Deux ans après la mort du premier cas d’Ebola en Afrique de l’Ouest, un bébé d’un an, la Guinée sera officiellement débarrassée mardi de l’épidémie, six semaines après la guérison de son dernier patient, un nourrisson né avec le virus.
L’épidémie a mis à rude épreuve les relations, traditionnellement empreintes de suspicion, entre pouvoir et population, compliquant encore la lutte contre la propagation.
Cette épidémie d’Ebola, la plus grave depuis l’identification du virus en Afrique centrale en 1976, a fait plus de 11 300 morts sur quelque 29 000 cas recensés, un bilan toutefois sous-évalué, selon l’Organisation mondiale de la Santé (OMS).
Les victimes se concentrent à 99% dans trois pays limitrophes: la Guinée, le Liberia, où la fin de l’épidémie a été proclamée en mai et en septembre, avant des résurgences du virus, et la Sierra Leone, déclarée le 7 novembre exempte de transmission.
La fin de l’épidémie en Guinée, qui compte officiellement 2 536 morts pour 3 804 cas, doit être proclamée dans la matinée par un représentant de l’OMS lors d’une conférence de presse à Conakry. « C’est le meilleur cadeau de fin d’année que le Bon Dieu pouvait offrir à la Guinée », a affirmé à des journalistes un survivant, Alama Kambou Doré.
Un autre, Alpha Sény Soumah, agent technique de santé à Forécariah, près de la frontière sierraléonaise, a souhaité «que cette épidémie soit un souvenir lointain pour permettre à la Guinée de se développer grâce aux investissements qui ont fui le pays».
Le dernier patient connu, une fille prénommée Noubia, comme l’infirmière qui a aidé sa mère, décédée du virus, à accoucher au centre de traitement d’Ebola de Médecins sans Frontières (MSF) à Conakry, a été déclarée guérie le 16 novembre.

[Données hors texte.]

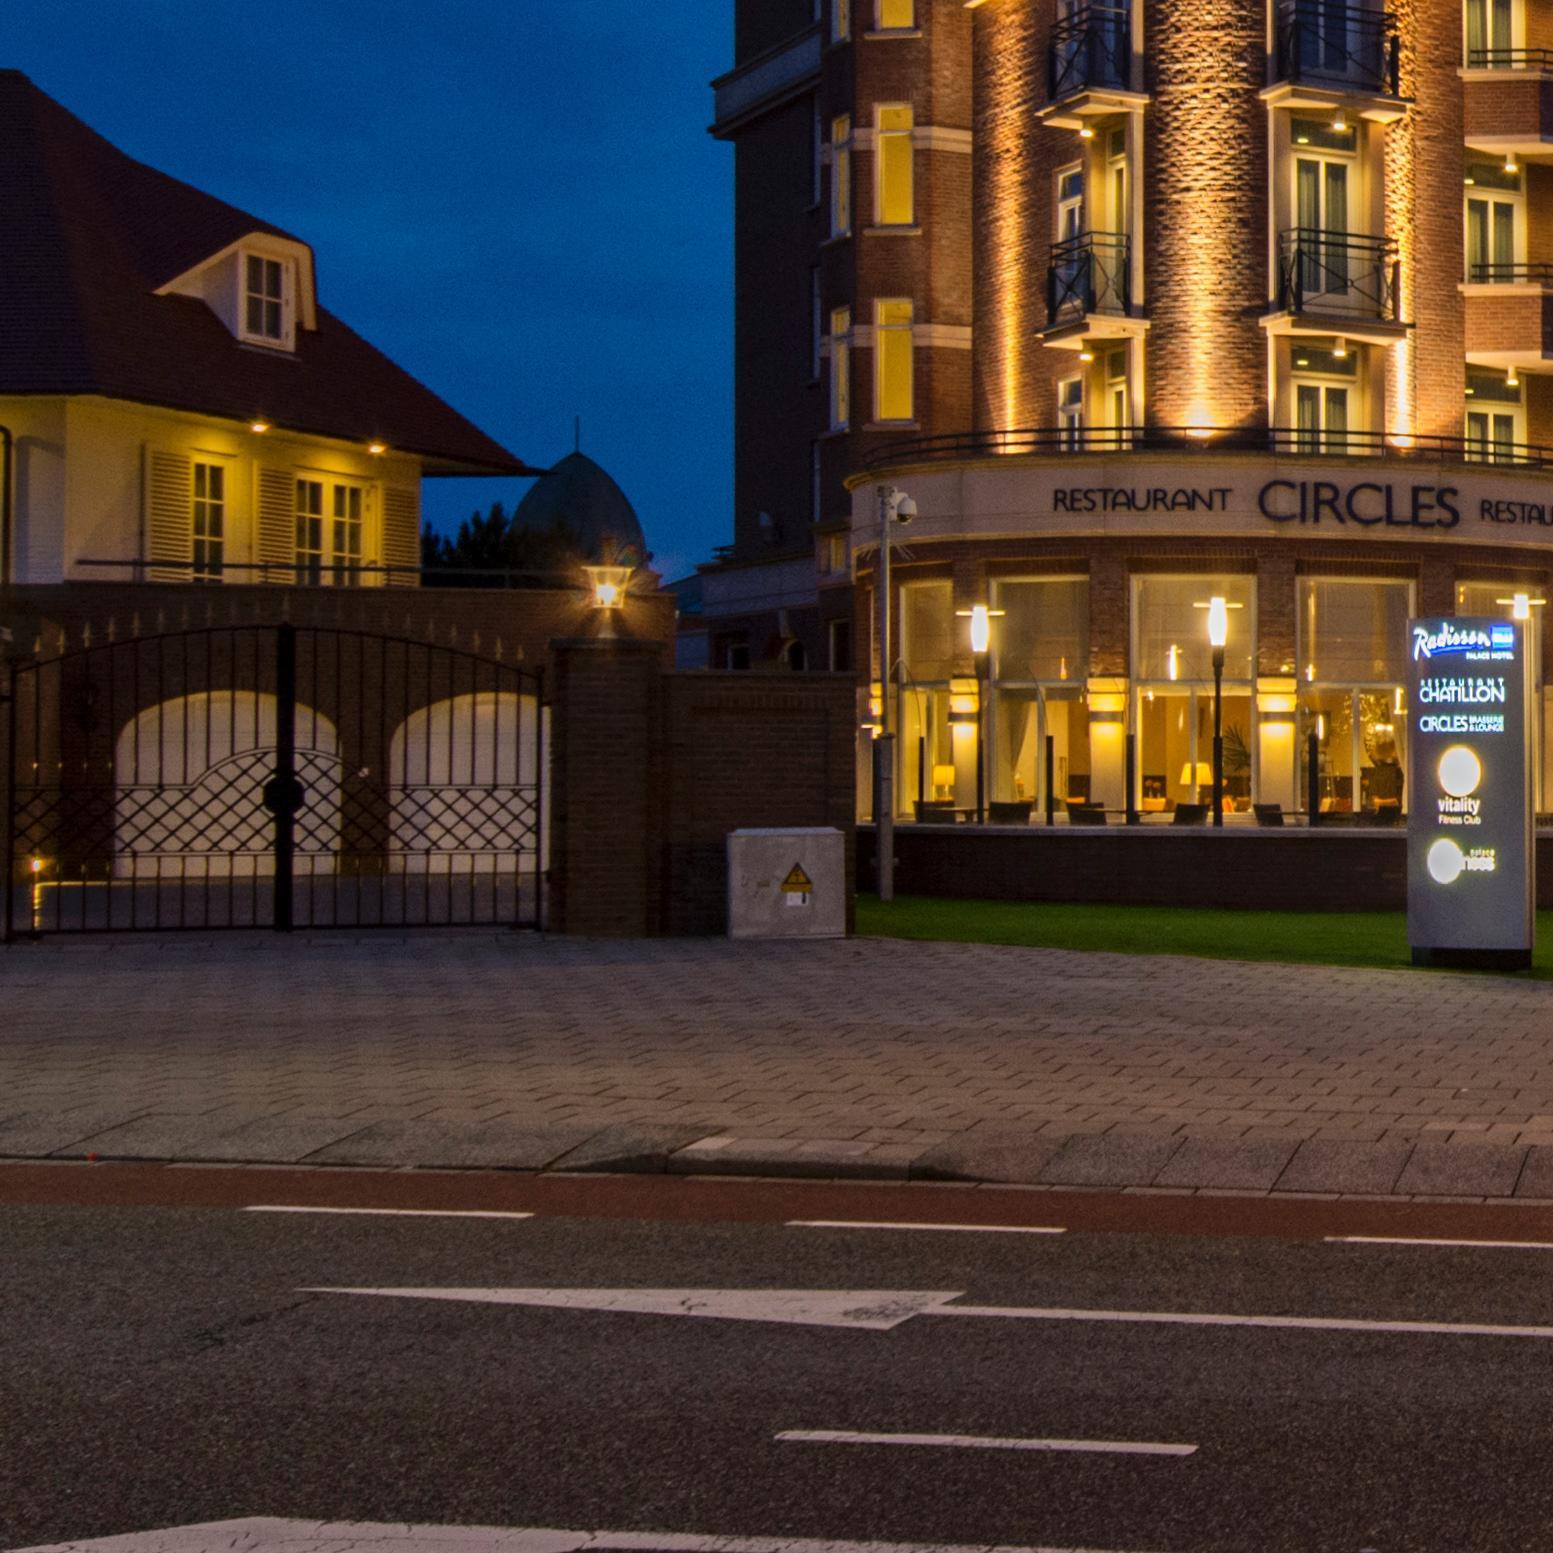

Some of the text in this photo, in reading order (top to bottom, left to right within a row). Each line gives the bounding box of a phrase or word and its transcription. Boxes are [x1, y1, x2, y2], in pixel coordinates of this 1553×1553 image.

[1052, 486, 1234, 513] RESTAURANT
[1257, 479, 1461, 529] CIRCLES
[1412, 621, 1491, 662] Radisson
[1419, 678, 1505, 688] RESTAURANT
[1419, 686, 1506, 703] CHATILLON
[1419, 715, 1468, 733] CIRCLES
[1437, 796, 1481, 816] vitality
[1438, 814, 1482, 825] Fitness Club

Un pays est officiellement exempt de transmission d’Ebola au bout de deux périodes de 21 jours – la durée maximale d’incubation du virus – sans nouveau cas depuis le second test négatif sur un patient guéri. Mais le risque persiste au-delà de ces 42 jours, en raison de la subsistance du virus dans certains liquides corporels, en particulier le sperme, où il peut survivre jusqu’à neuf mois.
« Revenue de loin »
Les festivités officielles débuteront mercredi matin, avec une cérémonie en présence du président Alpha Condé et des 53 partenaires qui ont contribué à la lutte contre l’épidémie: MSF, OMS, Centres américains de contrôle et de prévention des maladies (CDC), Croix-Rouge … ainsi que les pays donateurs et amis de la Guinée.

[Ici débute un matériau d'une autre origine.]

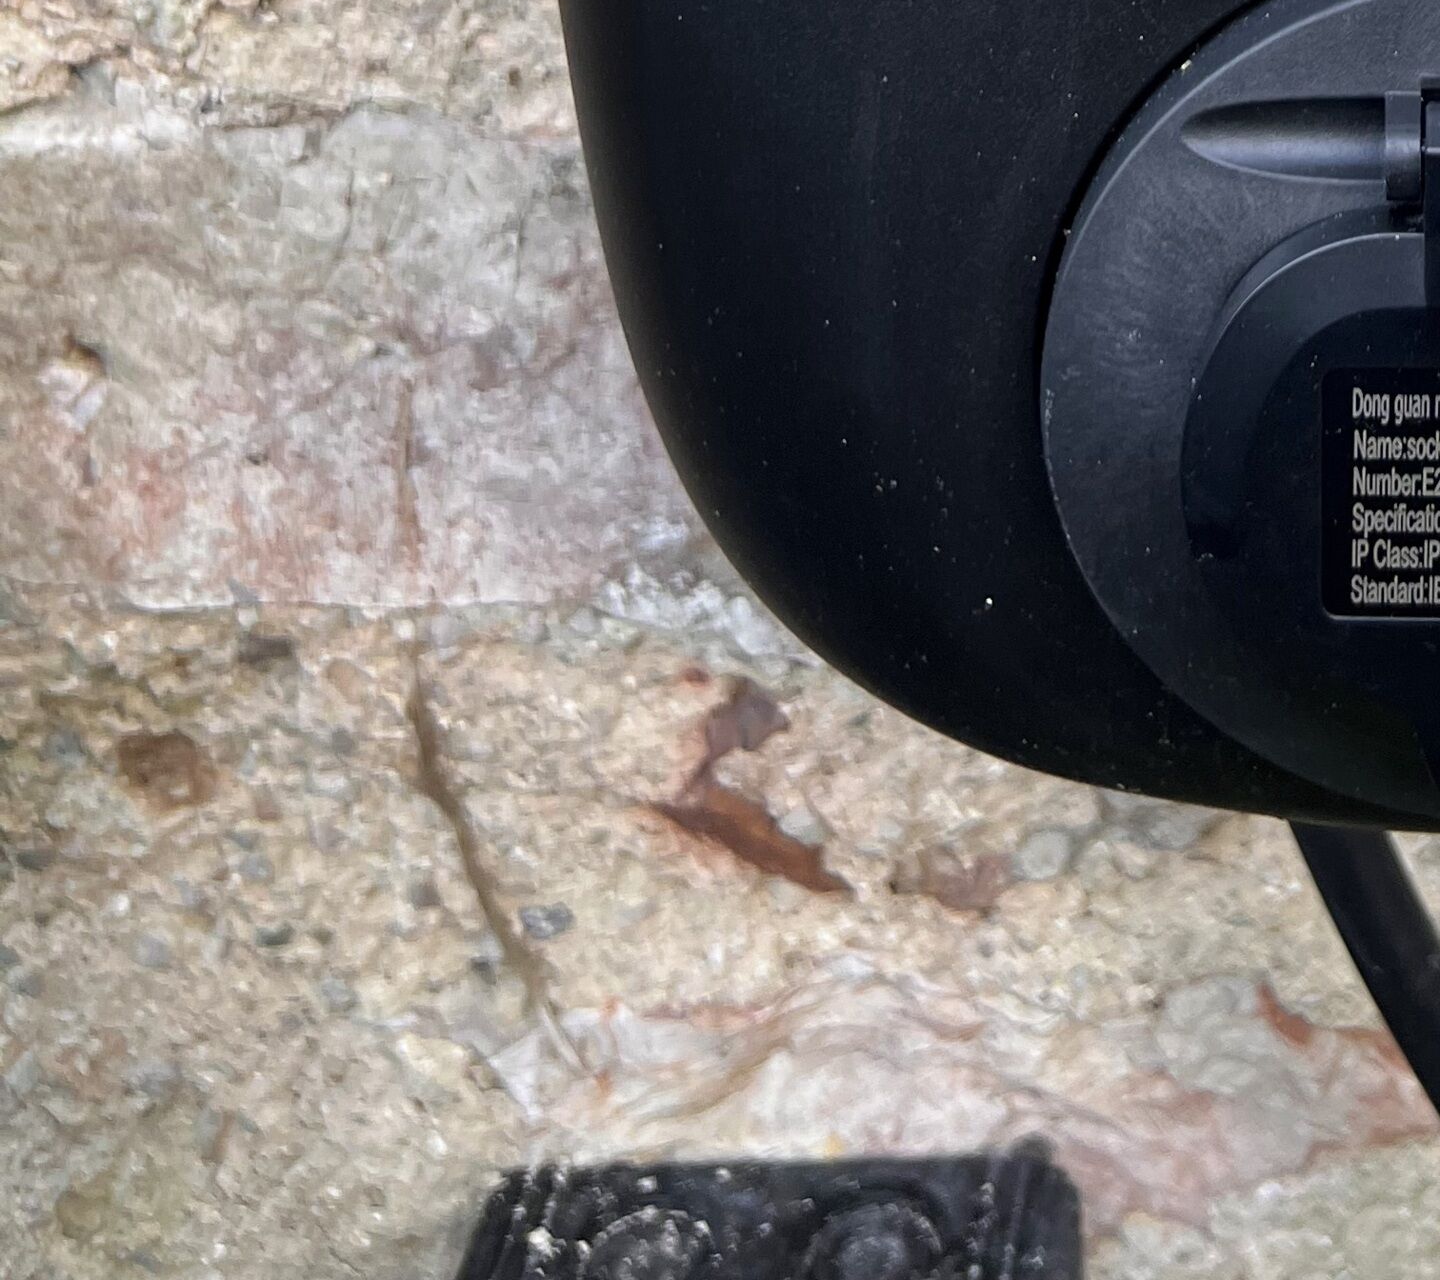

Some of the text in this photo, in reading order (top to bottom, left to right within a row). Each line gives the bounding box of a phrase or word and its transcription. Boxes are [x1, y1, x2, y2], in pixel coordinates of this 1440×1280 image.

Des survivants témoigneront de leur expérience et un hommage sera rendu aux 115 soignants emportés par Ebola, ainsi qu’aux huit membres d’une équipe de sensibilisation assassinés en septembre 2014 à Womey (sud-est) dans le Sud forestier, épicentre originel de l’épidémie.
Les célébrations se poursuivront dans l’après-midi avec un concert mémorial «Bye bye, au revoir Ebola», rassemblant des artistes africains de renommée internationale: Youssou Ndour, Tiken Jah Fakoly, Mory Kanté, Aïcha Koné, etc… pour saluer les efforts du peuple de Guinée.
Car pour en arriver là, depuis la mort du petit Emile Ouamouno, un an, à Meliandou (sud-ouest), la route s’est révélée particulièrement pénible. «La Guinée revient de loin», a rappelé une survivante, Djénabou Barry: «J’ai perdu mon époux, j’ai perdu ma belle-sœur et j’ai été expulsée de la où j’habitais avec mes enfants après ces deux décès, j’ai été rejetée, stigmatisée …».
C’est en Guinée que les réactions à la campagne anti-Ebola – par déni du virus ou rejet de mesures sanitaires perçues comme autoritaires ou attentatoires à leurs coutumes – se sont manifestées le plus brutalement, culminant avec le massacre de Womey.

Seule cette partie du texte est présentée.